* **The task**
Repeat word for word the line with "this 1280×964 image." and every line after it until the records below run out.
=== Data listing ===
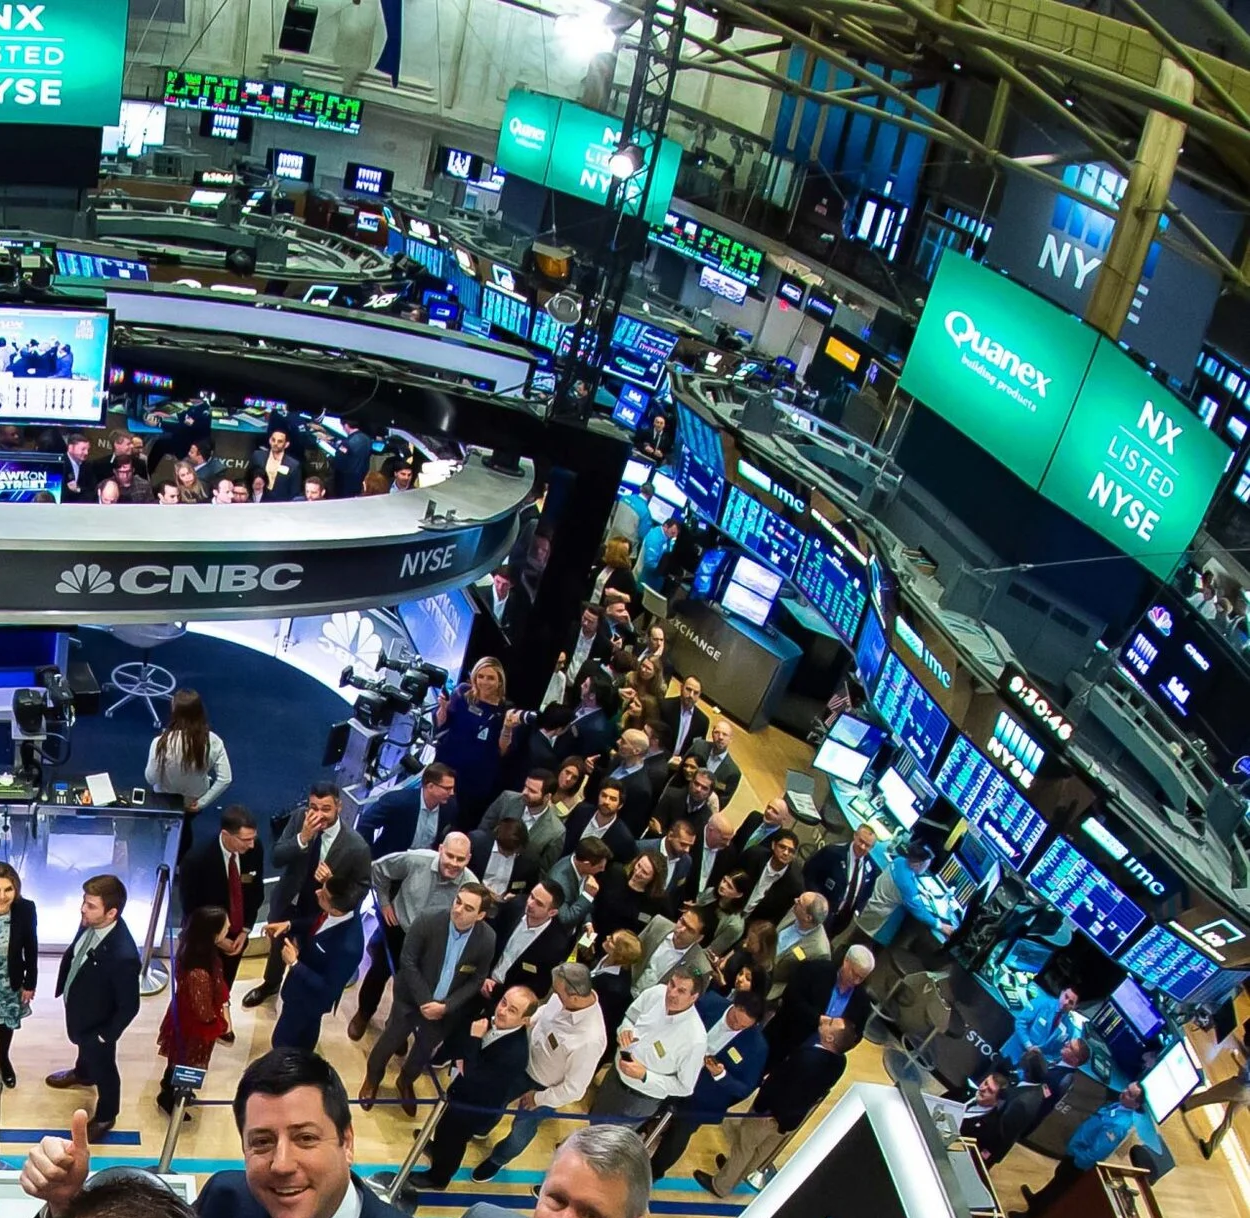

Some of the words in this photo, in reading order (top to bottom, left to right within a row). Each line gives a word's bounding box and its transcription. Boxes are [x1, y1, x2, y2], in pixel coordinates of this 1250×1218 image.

[1038, 233, 1150, 325] NYE
[944, 310, 1052, 398] Quanex
[961, 352, 997, 386] building
[997, 380, 1037, 413] products
[1137, 400, 1183, 455] NX
[1107, 435, 1174, 498] LISTED
[1088, 472, 1161, 542] NYSE
[119, 564, 304, 594] CNBC
[399, 544, 456, 577] NYSE
[1126, 648, 1150, 675] NYSE
[1009, 676, 1073, 741] 9:30:46
[987, 736, 1035, 790] NYSE
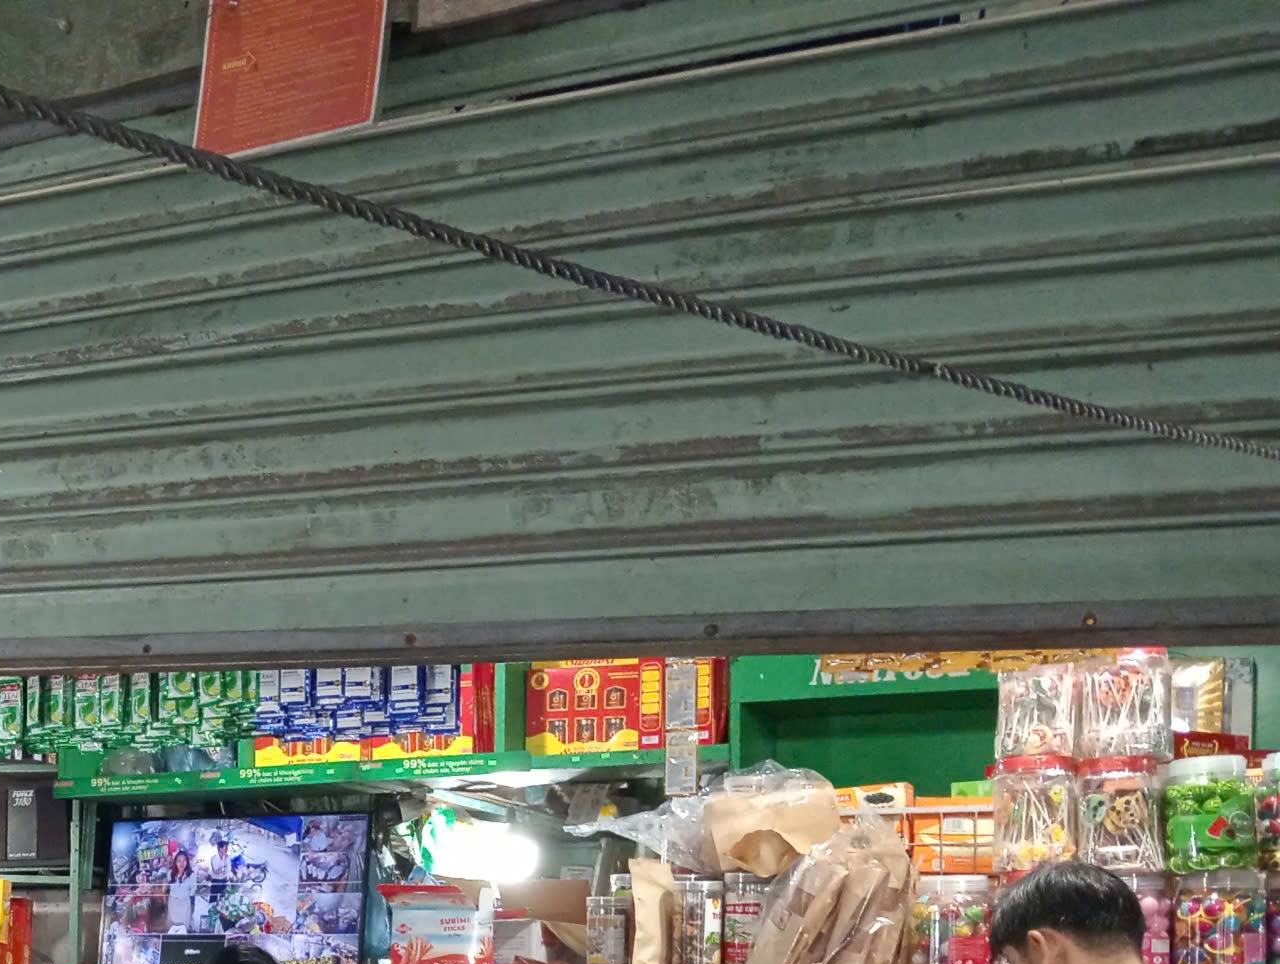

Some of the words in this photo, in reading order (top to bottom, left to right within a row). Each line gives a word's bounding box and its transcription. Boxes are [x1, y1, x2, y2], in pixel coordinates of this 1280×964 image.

[403, 758, 427, 768] 99%
[239, 768, 261, 778] 99%
[90, 778, 110, 787] 99%
===
* **Solution to the exercise**
Some of the words in this photo, in reading order (top to bottom, left to right within a row). Each line gives a word's bounding box and its transcription. Boxes are [x1, y1, x2, y2], in pixel coordinates of this 1280×964 image.

[403, 758, 427, 768] 99%
[239, 768, 261, 778] 99%
[90, 778, 110, 787] 99%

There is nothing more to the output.